Here is the part the launch coverage and the twelve-minute hype videos do not lead with. With Fable 5 and Mythos 5, Anthropic mandates 30-day retention on all Mythos-class traffic, on every surface, first- and third-party alike, and the policy applies even where an enterprise previously held a zero-retention agreement. The data is not used for training, human access is logged, and deletion after 30 days is the stated norm. The rationale is genuinely defensible: attacks like best-of-N jailbreaking only become visible across many requests, and you cannot detect a campaign you refuse to remember.

Defensible is not the same as free. If you serve clients under contracts that promise zero retention, or you operate in a regulated setting where your processor terms say prompts are not stored, then Fable 5 is off your menu regardless of what the benchmarks say, and so is every "99% cheaper" frontier alternative whose endpoints fail the same test. We verified that last part ourselves this week and could not reach a single no-retention route to the cheapest new competitor either. The sovereignty gap between what frontier models can do and what regulated workloads are allowed to touch widened this week, on both ends of the price range. Our hedge, unchanged: a local, self-hosted tier for the workloads where the prompts must never leave the building.

§6What builders will get wrong

Three predictable mistakes. First, making it the default model: at double the price and slower turns, undirected Fable 5 is an expensive way to do work Opus does in half the time. Second, keeping the old micro-step prompting style, which buys the premium and then refuses the product. Third, and worst, wiring client workloads into it without reading the retention page, then discovering the data-processing agreement they signed says something their new model provider no longer honours.

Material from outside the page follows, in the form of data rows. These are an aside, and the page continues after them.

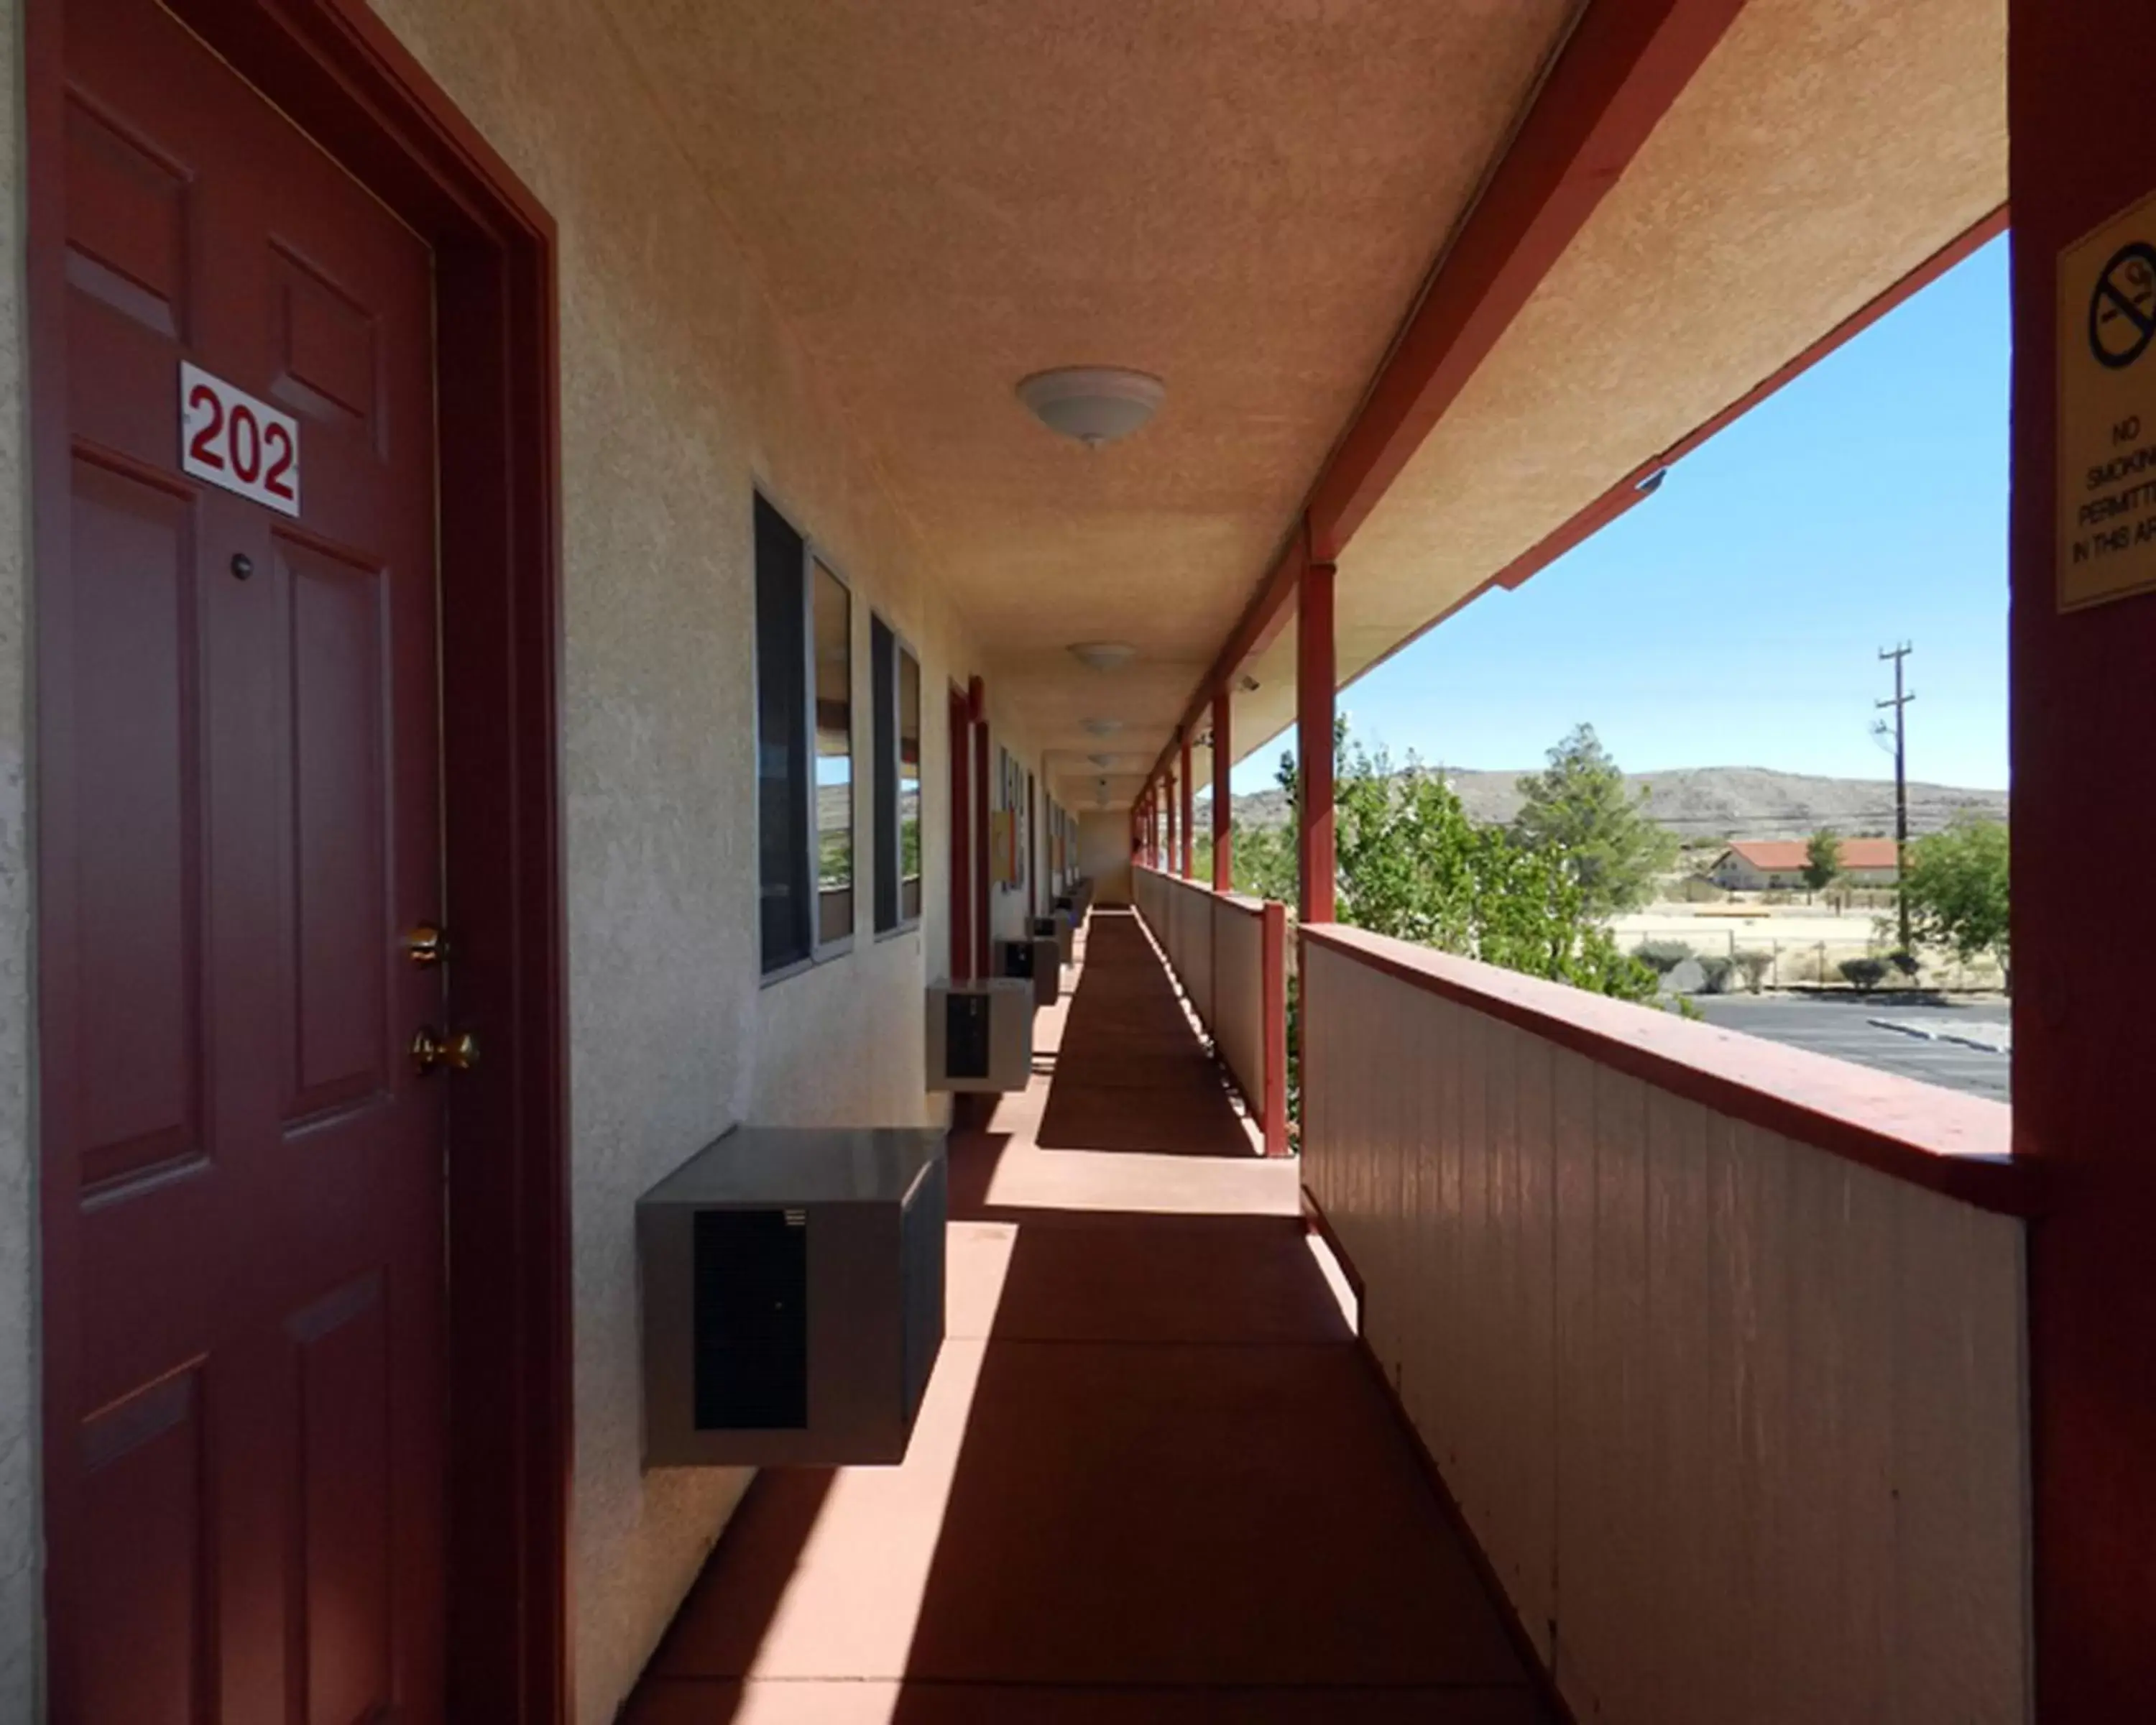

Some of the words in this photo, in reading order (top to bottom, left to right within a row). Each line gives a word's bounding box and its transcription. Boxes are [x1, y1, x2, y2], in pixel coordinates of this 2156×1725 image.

[190, 385, 292, 499] 202
[2112, 415, 2141, 446] NO
[2078, 479, 2156, 526] PERMITT
[2073, 540, 2090, 564] IN
[2092, 525, 2129, 558] THIS

The stealable step for this week: while it still costs nothing extra on a subscription, point Fable 5 at the hardest unsolved item in your backlog, as a goal with success criteria and a verifier loop, and judge it on that. And before 23 June, read your own processing agreements next to the retention policy. The capability question answers itself in an afternoon. The contractual one is the one that bites in month three. Which of your workloads could you actually move?


Methodology note. This is an aggregation piece with first-party data. Launch facts, pricing and the retention policy were verified against Anthropic's announcement, platform documentation and support pages on 10 June 2026. The A/B figures are from our own smoke tests run through our model router on 9–10 June: one code task (12 hidden assertions) and one agentic tool loop, vs Opus 4.7 and vs Opus 4.8, with the Opus 4.8 agentic failure reproduced across three runs at temperature 0. We label this a smoke test rather than dressing it up as a benchmark suite. The community-tips section synthesises Anthropic's official prompting guide plus early third-party setup write-ups; where guidance was hype rather than mechanism, we cut it.